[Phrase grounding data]

-=-=-

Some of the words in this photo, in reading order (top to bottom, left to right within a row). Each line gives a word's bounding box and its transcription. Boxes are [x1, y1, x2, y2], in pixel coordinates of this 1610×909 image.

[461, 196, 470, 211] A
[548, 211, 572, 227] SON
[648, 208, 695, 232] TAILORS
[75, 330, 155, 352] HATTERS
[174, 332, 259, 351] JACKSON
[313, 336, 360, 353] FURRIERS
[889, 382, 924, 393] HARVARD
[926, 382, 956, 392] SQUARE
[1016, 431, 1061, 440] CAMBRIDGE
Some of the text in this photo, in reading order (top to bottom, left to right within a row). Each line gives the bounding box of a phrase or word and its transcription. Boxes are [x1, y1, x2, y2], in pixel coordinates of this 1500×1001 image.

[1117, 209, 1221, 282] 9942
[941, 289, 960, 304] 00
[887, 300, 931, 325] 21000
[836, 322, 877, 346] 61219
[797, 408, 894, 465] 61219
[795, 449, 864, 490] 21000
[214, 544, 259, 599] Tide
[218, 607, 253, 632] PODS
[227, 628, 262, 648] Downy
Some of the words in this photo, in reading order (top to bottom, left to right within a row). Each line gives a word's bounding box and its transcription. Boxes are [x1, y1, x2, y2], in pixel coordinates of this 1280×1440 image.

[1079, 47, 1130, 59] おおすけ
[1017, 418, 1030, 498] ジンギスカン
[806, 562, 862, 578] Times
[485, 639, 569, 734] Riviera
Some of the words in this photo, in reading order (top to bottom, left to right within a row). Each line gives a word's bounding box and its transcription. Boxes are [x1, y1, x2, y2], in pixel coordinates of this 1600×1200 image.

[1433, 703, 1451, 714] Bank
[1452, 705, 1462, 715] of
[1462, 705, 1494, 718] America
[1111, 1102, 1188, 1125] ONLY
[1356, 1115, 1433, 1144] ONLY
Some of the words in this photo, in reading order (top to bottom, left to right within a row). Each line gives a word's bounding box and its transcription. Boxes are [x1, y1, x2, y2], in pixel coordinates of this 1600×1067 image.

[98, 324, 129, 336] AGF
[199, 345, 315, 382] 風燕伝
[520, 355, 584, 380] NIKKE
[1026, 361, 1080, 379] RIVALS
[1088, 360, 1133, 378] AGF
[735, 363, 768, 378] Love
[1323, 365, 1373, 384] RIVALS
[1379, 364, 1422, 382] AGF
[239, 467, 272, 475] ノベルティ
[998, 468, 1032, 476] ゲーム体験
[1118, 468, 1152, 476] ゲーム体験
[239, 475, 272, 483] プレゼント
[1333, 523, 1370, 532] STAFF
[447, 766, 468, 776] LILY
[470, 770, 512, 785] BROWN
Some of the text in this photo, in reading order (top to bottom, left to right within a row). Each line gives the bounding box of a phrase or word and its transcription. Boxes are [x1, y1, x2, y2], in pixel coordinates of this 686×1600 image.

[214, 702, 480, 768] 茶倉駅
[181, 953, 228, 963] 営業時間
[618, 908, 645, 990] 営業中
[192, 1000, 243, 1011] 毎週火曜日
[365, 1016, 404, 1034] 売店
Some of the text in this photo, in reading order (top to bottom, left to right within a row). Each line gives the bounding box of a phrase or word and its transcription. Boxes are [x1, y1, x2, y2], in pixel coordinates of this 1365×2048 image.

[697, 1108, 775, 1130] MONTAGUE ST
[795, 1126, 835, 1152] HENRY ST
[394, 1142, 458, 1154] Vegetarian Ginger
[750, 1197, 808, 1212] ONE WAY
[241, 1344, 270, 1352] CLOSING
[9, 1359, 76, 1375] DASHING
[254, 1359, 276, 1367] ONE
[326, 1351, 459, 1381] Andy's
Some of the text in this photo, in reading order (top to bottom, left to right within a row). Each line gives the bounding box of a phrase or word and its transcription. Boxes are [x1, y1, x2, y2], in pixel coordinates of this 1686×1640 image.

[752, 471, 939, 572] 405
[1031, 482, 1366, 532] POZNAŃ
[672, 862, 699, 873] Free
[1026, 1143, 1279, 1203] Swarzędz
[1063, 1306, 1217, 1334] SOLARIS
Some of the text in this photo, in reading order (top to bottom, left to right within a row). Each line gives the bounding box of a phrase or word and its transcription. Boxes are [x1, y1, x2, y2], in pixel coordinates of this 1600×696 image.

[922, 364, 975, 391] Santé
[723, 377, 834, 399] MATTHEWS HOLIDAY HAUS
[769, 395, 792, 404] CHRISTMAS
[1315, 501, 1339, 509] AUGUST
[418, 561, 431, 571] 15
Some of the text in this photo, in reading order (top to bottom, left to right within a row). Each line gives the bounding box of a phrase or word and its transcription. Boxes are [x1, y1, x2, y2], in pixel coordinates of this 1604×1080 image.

-=-=-

_Task to complete_
Every line of the data must appear again in the answer, exactly as written.

_Finished task_
Some of the words in this photo, in reading order (top to bottom, left to right within a row). Each line gives a word's bounding box and its transcription. Boxes are [x1, y1, x2, y2], in pixel coordinates of this 1610×909 image.

[461, 196, 470, 211] A
[548, 211, 572, 227] SON
[648, 208, 695, 232] TAILORS
[75, 330, 155, 352] HATTERS
[174, 332, 259, 351] JACKSON
[313, 336, 360, 353] FURRIERS
[889, 382, 924, 393] HARVARD
[926, 382, 956, 392] SQUARE
[1016, 431, 1061, 440] CAMBRIDGE
Some of the text in this photo, in reading order (top to bottom, left to right within a row). Each line gives the bounding box of a phrase or word and its transcription. Boxes are [x1, y1, x2, y2], in pixel coordinates of this 1500×1001 image.

[1117, 209, 1221, 282] 9942
[941, 289, 960, 304] 00
[887, 300, 931, 325] 21000
[836, 322, 877, 346] 61219
[797, 408, 894, 465] 61219
[795, 449, 864, 490] 21000
[214, 544, 259, 599] Tide
[218, 607, 253, 632] PODS
[227, 628, 262, 648] Downy
Some of the words in this photo, in reading order (top to bottom, left to right within a row). Each line gives a word's bounding box and its transcription. Boxes are [x1, y1, x2, y2], in pixel coordinates of this 1280×1440 image.

[1079, 47, 1130, 59] おおすけ
[1017, 418, 1030, 498] ジンギスカン
[806, 562, 862, 578] Times
[485, 639, 569, 734] Riviera
Some of the words in this photo, in reading order (top to bottom, left to right within a row). Each line gives a word's bounding box and its transcription. Boxes are [x1, y1, x2, y2], in pixel coordinates of this 1600×1200 image.

[1433, 703, 1451, 714] Bank
[1452, 705, 1462, 715] of
[1462, 705, 1494, 718] America
[1111, 1102, 1188, 1125] ONLY
[1356, 1115, 1433, 1144] ONLY
Some of the words in this photo, in reading order (top to bottom, left to right within a row). Each line gives a word's bounding box and its transcription. Boxes are [x1, y1, x2, y2], in pixel coordinates of this 1600×1067 image.

[98, 324, 129, 336] AGF
[199, 345, 315, 382] 風燕伝
[520, 355, 584, 380] NIKKE
[1026, 361, 1080, 379] RIVALS
[1088, 360, 1133, 378] AGF
[735, 363, 768, 378] Love
[1323, 365, 1373, 384] RIVALS
[1379, 364, 1422, 382] AGF
[239, 467, 272, 475] ノベルティ
[998, 468, 1032, 476] ゲーム体験
[1118, 468, 1152, 476] ゲーム体験
[239, 475, 272, 483] プレゼント
[1333, 523, 1370, 532] STAFF
[447, 766, 468, 776] LILY
[470, 770, 512, 785] BROWN
Some of the text in this photo, in reading order (top to bottom, left to right within a row). Each line gives the bounding box of a phrase or word and its transcription. Boxes are [x1, y1, x2, y2], in pixel coordinates of this 686×1600 image.

[214, 702, 480, 768] 茶倉駅
[181, 953, 228, 963] 営業時間
[618, 908, 645, 990] 営業中
[192, 1000, 243, 1011] 毎週火曜日
[365, 1016, 404, 1034] 売店
Some of the text in this photo, in reading order (top to bottom, left to right within a row). Each line gives the bounding box of a phrase or word and its transcription. Boxes are [x1, y1, x2, y2], in pixel coordinates of this 1365×2048 image.

[697, 1108, 775, 1130] MONTAGUE ST
[795, 1126, 835, 1152] HENRY ST
[394, 1142, 458, 1154] Vegetarian Ginger
[750, 1197, 808, 1212] ONE WAY
[241, 1344, 270, 1352] CLOSING
[9, 1359, 76, 1375] DASHING
[254, 1359, 276, 1367] ONE
[326, 1351, 459, 1381] Andy's
Some of the text in this photo, in reading order (top to bottom, left to right within a row). Each line gives the bounding box of a phrase or word and its transcription. Boxes are [x1, y1, x2, y2], in pixel coordinates of this 1686×1640 image.

[752, 471, 939, 572] 405
[1031, 482, 1366, 532] POZNAŃ
[672, 862, 699, 873] Free
[1026, 1143, 1279, 1203] Swarzędz
[1063, 1306, 1217, 1334] SOLARIS
Some of the text in this photo, in reading order (top to bottom, left to right within a row). Each line gives the bounding box of a phrase or word and its transcription. Boxes are [x1, y1, x2, y2], in pixel coordinates of this 1600×696 image.

[922, 364, 975, 391] Santé
[723, 377, 834, 399] MATTHEWS HOLIDAY HAUS
[769, 395, 792, 404] CHRISTMAS
[1315, 501, 1339, 509] AUGUST
[418, 561, 431, 571] 15
Some of the text in this photo, in reading order (top to bottom, left to right within a row). Each line gives the bounding box of a phrase or word and its transcription. Boxes are [x1, y1, x2, y2], in pixel coordinates of this 1604×1080 image.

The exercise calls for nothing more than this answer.